Economist Joseph Stiglitz says everyone would be hurt if nothing is done


"Worst Case Scenario"

Originally broadcast: 60 Minutes – Sun Sep 28,  7:00 PM ET      

Category: Bailouts, Credit, Derivatives, Economy, Video

Please use the comments to demonstrate your own ignorance, unfamiliarity with empirical data and lack of respect for scientific knowledge. Be sure to create straw men and argue against things I have neither said nor implied. If you could repeat previously discredited memes or steer the conversation into irrelevant, off topic discussions, it would be appreciated. Lastly, kindly forgo all civility in your discourse . . . you are, after all, anonymous.
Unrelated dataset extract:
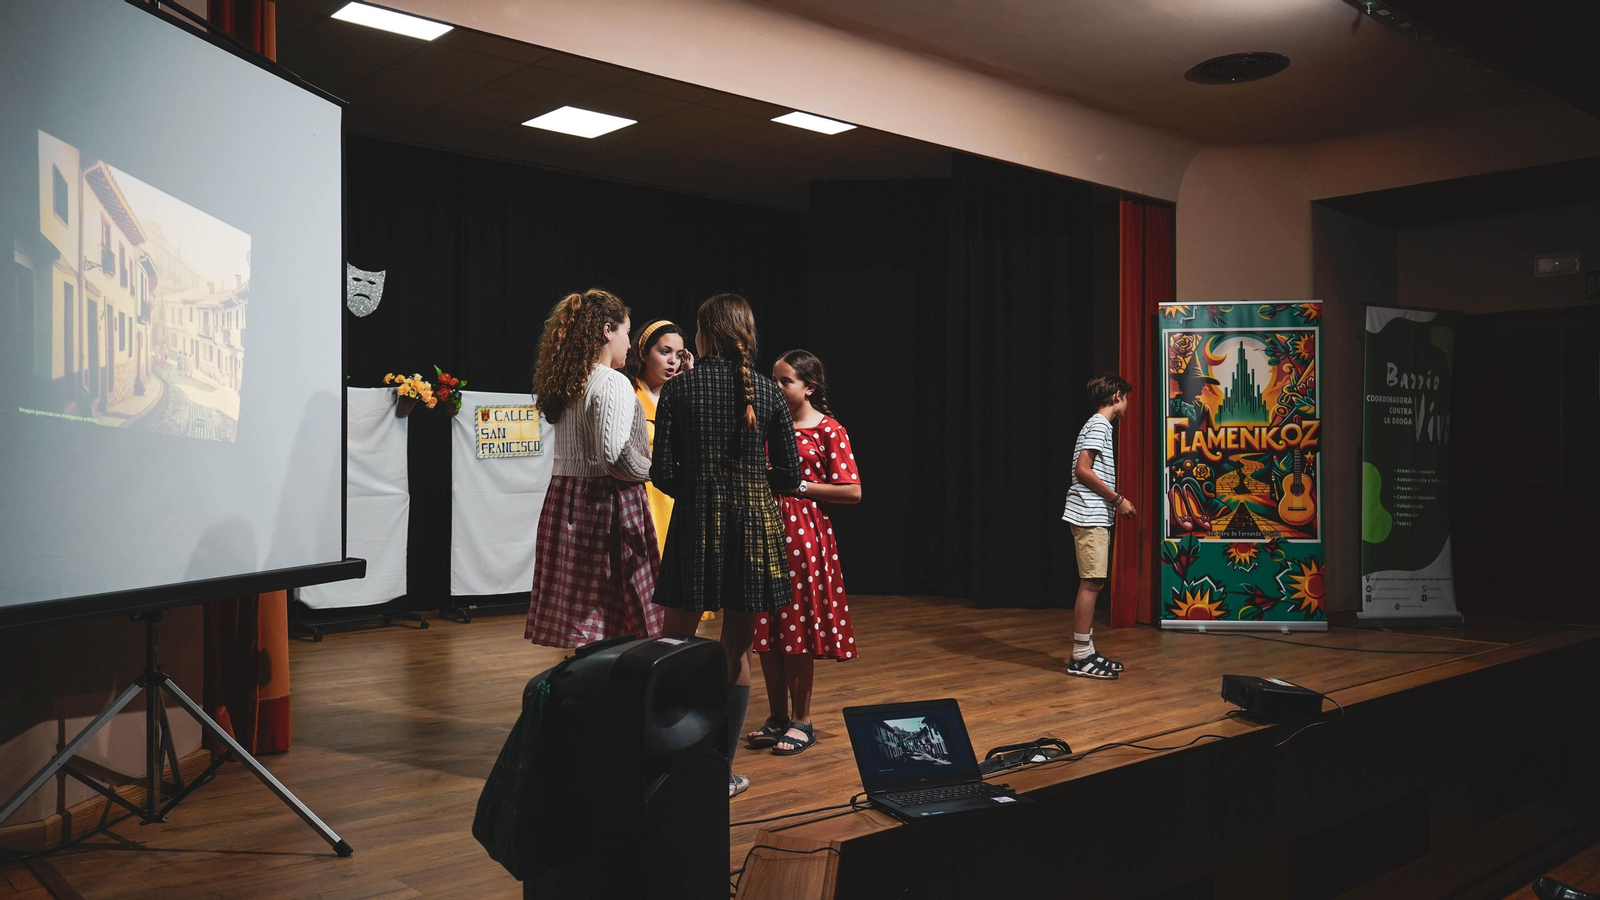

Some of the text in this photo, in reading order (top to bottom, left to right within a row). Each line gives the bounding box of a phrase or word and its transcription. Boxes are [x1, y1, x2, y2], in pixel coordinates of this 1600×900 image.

35 Responses to “Stiglitz on Worst Case Scenario”

  1. CNBC Sucks says:

    Thanks, Barry. Being a Democrat now, I am a little bit more at ease hearing that from Stiglitz. But I still worry that the Democrats have bought into Paulson hook, line, and sinker and will fall into a political trap Wednesday night that could cost some Senate seats or even Obama the Presidency. I am also worried about how much the bailout will hamstring Obama from moving forward on his energy independence platform.

    It’s out of our hands. I don’t really have a position on this bailout anymore, because I am tired of worrying about it. Let the chips fall where they may.

  2. whippersnapper says:

    I hear a Steely Dan refrain accompanying the bailout – “See the glory … Of the royal scam”

  3. AGG says:

    Thanks for staying on top of this boondogle. I just read that they’re making serious sausage in the senate. They’re throwing AMT adjustments as crumbs to the middle class and a bunch of UNFUNDED infrastructure crap. These clowns really want to trash the dollar. I hope Leahy isn’t part of this but he’s bent over for his precious machine gun factory in Burlington before so they may have ways of forcing him. Sanders should hang tough though.

  4. beanieville says:

    The bailout needs to happen. No ifs ands or buts about it.

    Just get it done and get it approved.

    There’s just too much at stake here to fiddle around with other alternatives. There are no alternatives.

    Don’t trust Paulson, Benanke or Wallstreet if you don’t want to, but at least trust Warren Buffett. If there were a better alternative, he would have said so.

  5. Lovehate Punchkick says:

    Hey, here’s an idea! Let’s create a Neo Department of Home and Financial Security, and sink another $T a year in baaksheesh ransom into the black hole of NYC:WADC! Does anyone have any conception just how upside down we are as a society?! Never mind buying up all their nuclear waste, we’re already glowing in the dark, a deep blood red. What’s another $T, when you’re down by the bow, black icy waters of usury caving in the last bulkheads of freedom before the banks and brokers end up owning everything and selling our children off to our foreign landlords.

  6. Nathan Smith says:

    Everyone will be hurt anyways. By opposing the bailout people don’t want to make it worse.

  7. beanieville says:


    Give me a freakin break. I never heard a bull say it’s a bad thing. All the negativity came from the bears. *sigh*

  8. Nathan Smith says:

    This situation is far beyond petty partisan trading preferences.

    The American people clearly don’t like being tricked into major financial decisions through threats and fiat. Good for them. I hope their representatives are listening.

  9. HCF says:

    I am very much against virtually any mainstream bailout proposal I’ve heard. As I see it, you win, then good for you; you lose, then sorry, but thanks for playing.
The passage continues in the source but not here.